There is nothing like a pandemic to very quickly highlight gaps in the supply chain for products – things like hand sanitisers, personal protection equipment such as P2 masks and gowns, as well as for more sophisticated products like ventilators.
Industry Minister Karen Andrews has been very good in relation to manufacturing and the industry is demonstrably energised by the attention.
COVID-19 has sharpened government focus on sovereign capability issues in a spectacular way in relation to physical goods.
And government has been quick to use its purchasing power to build capability where a clear supply problem exists. Witness the $31 million that government signed off in record time to a consortium of Victorian manufacturers for the design and supply – within three months – of thousands of ventilators.
But there is no such focus on the supply chains of the digital economy. There is no focus on ensuring sovereign capability in digital infrastructure, on building local capacity.
And there is no appetite whatsoever on using government procurement dollars to drive industry development outcomes in the infrastructure of the digital economy.
Look no further than the government’s controversial COVIDSafe app and the awarding of the contract to providing hosting infrastructure to the US giant Amazon Web Services. It just seems so inexplicably dumb as to warrant special attention.
The Australian Government, via the Department of Home Affairs, elected to host its controversial app in the public cloud, within an AWS region that is potentially housed in a Chinese-owned data centre (the Global Switch data centre in Sydney’s Pyrmont), at a time when public trust in government information systems is at a low-ebb.
Just to repeat: That is a foreign-owned public cloud service hosted in a Chinese-owned data centre. The management of the data will necessarily include access by AWS technical staff who are based overseas, who are non-citizens, and who do not have Australian Government security accreditation.
Which all seems a bit unnecessary, given that there are sovereign Australian secure cloud service providers that are ASD certified to appropriate Protected level status.
Companies like Vault Cloud, Sliced Tech or AUCloud would welcome the business and be quite capable of delivering. These companies’ services are managed by Australian citizens who hold appropriate Australian Government security clearances and are based in Australia.
These Australian companies’ services are hosted in accredited sovereign data centres. They would be quite capable of managing the work related to the COVIDSafe app. Government contracts allow scale. And yet AWS won the business through a limited tender managed by the Department of Home Affairs (“limited tender” meaning AWS was the only company invited to bid for the business).
Why? At a time when Australians have been rightfully mistrustful of the government in relation to data, would you introduce more cybersecurity complexity, rather than less?
Why was the original thinking/design and contract work for COVIDSafe done by Home Affairs, for what is quite clearly a health issue? What’s Home Affairs got to do with it?
And when the government was tying itself in knots over the past week to assure Australians that the data held via the app would not be accessible to law enforcement, why was its design being performed in a department that is home to both the Australian Federal Police and various branches of the intelligence services?
It was just a couple of months ago that the Department of Home Affairs was railing about the Chinese ownership of Global Switch and agitating for Australia Government customers of the company to leave its data centre.

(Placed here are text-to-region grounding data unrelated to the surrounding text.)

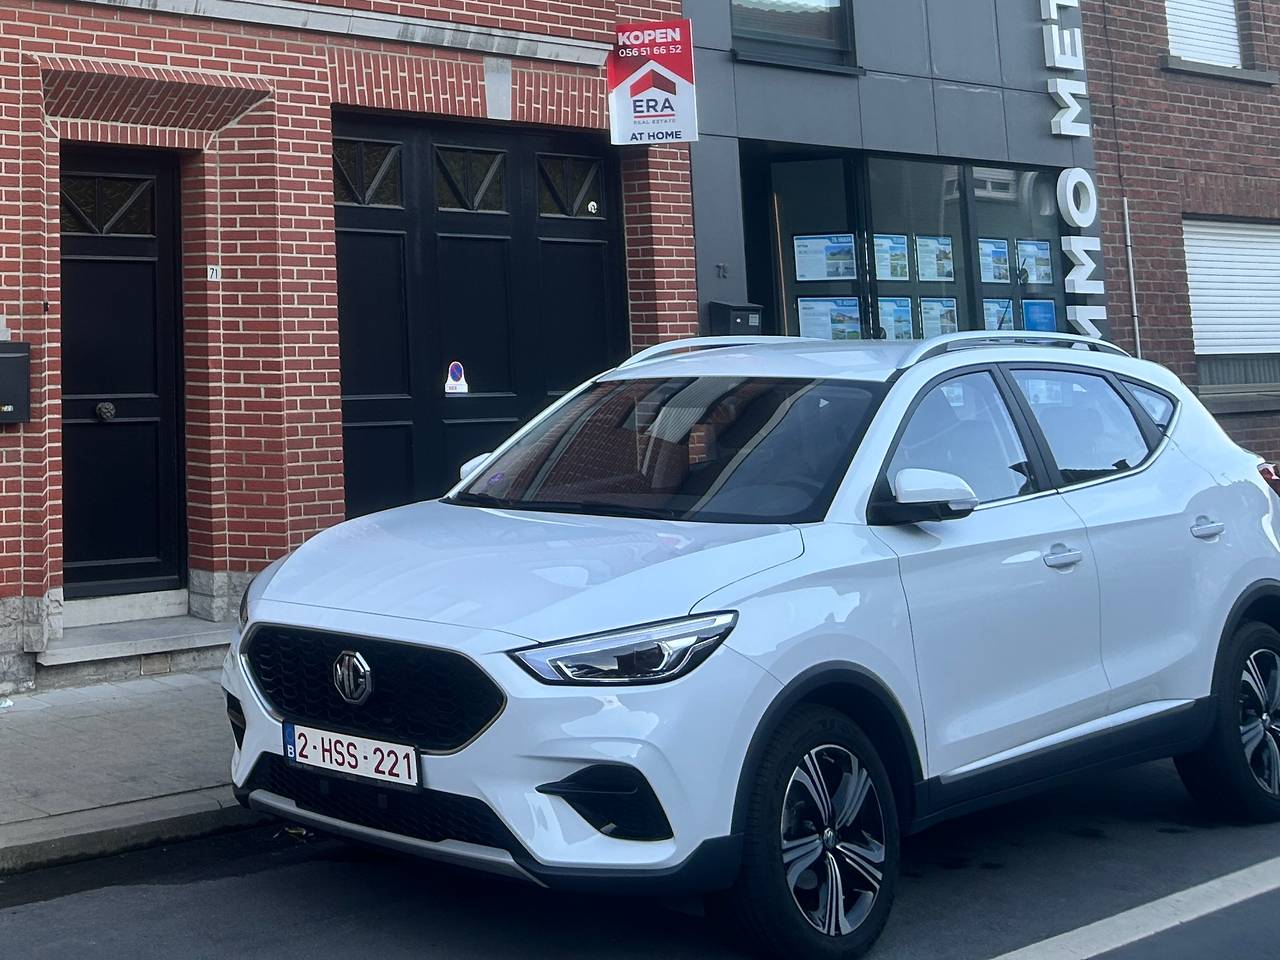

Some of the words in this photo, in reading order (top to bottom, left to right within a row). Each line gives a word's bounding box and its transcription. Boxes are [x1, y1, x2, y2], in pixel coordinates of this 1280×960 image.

[618, 27, 681, 46] KOPEN
[618, 48, 639, 57] 056
[640, 47, 650, 56] 51
[653, 46, 667, 55] 66
[669, 45, 682, 54] 52
[632, 98, 675, 113] ERA
[630, 132, 644, 141] AT
[647, 130, 682, 140] HOME
[1056, 167, 1108, 351] MMO
[209, 267, 218, 279] 71
[287, 744, 296, 758] B

And now the Department of Home Affairs has awarded a contract to host sensitive citizen data not only in a foreign owned public cloud, but a foreign-owned data centre as well.
The government assured Australians that it had enlisted two independent organisations to review the apps cybersecurity arrangements. But those organisations – AustCyber and CyberCRC – are constructs of government, funded by government (in AustCyber’s case to the tune of 100 per cent). How on earth is that independent?
(To be fair, AustCyber’s chief executive Michelle Price went on the record with ABC news saying she had advised that its plan to store encryption keys in the same cloud as the encrypted data posed an unnecessary security risk, which was in itself quite courageous. She also said it was “unfortunate” that Australian service providers were not invited to participate in the project. This was quite courageous.)
It is a measure of just how on the nose this contract with AWS is viewed even within government that the executives from Digital Transformation Agency speaking anonymously – “voiced concerns about the awarding of the contract to an overseas provider when several wholly Australian-owned cloud storage services had been security vetted for precisely such high-level contracts.”
You really have to wonder what kind of crisis would be needed for the Australian Government to use Australian technology providers for jobs that are well within their capability. It is laughable just how dominant foreign providers are in supplying to the $6 billion to $9 billion plus annual tech budget.
Can you imagine the US government contracting an Australian company to hold US citizen data in a public cloud that includes a foreign-owned data centre – Chinese owned – as a part of its infrastructure?
A spokesperson for Government Services Minister Stuart Robert told InnovationAus on Wednesday that no COVIDSafe information would be stored in Global Switch facilities.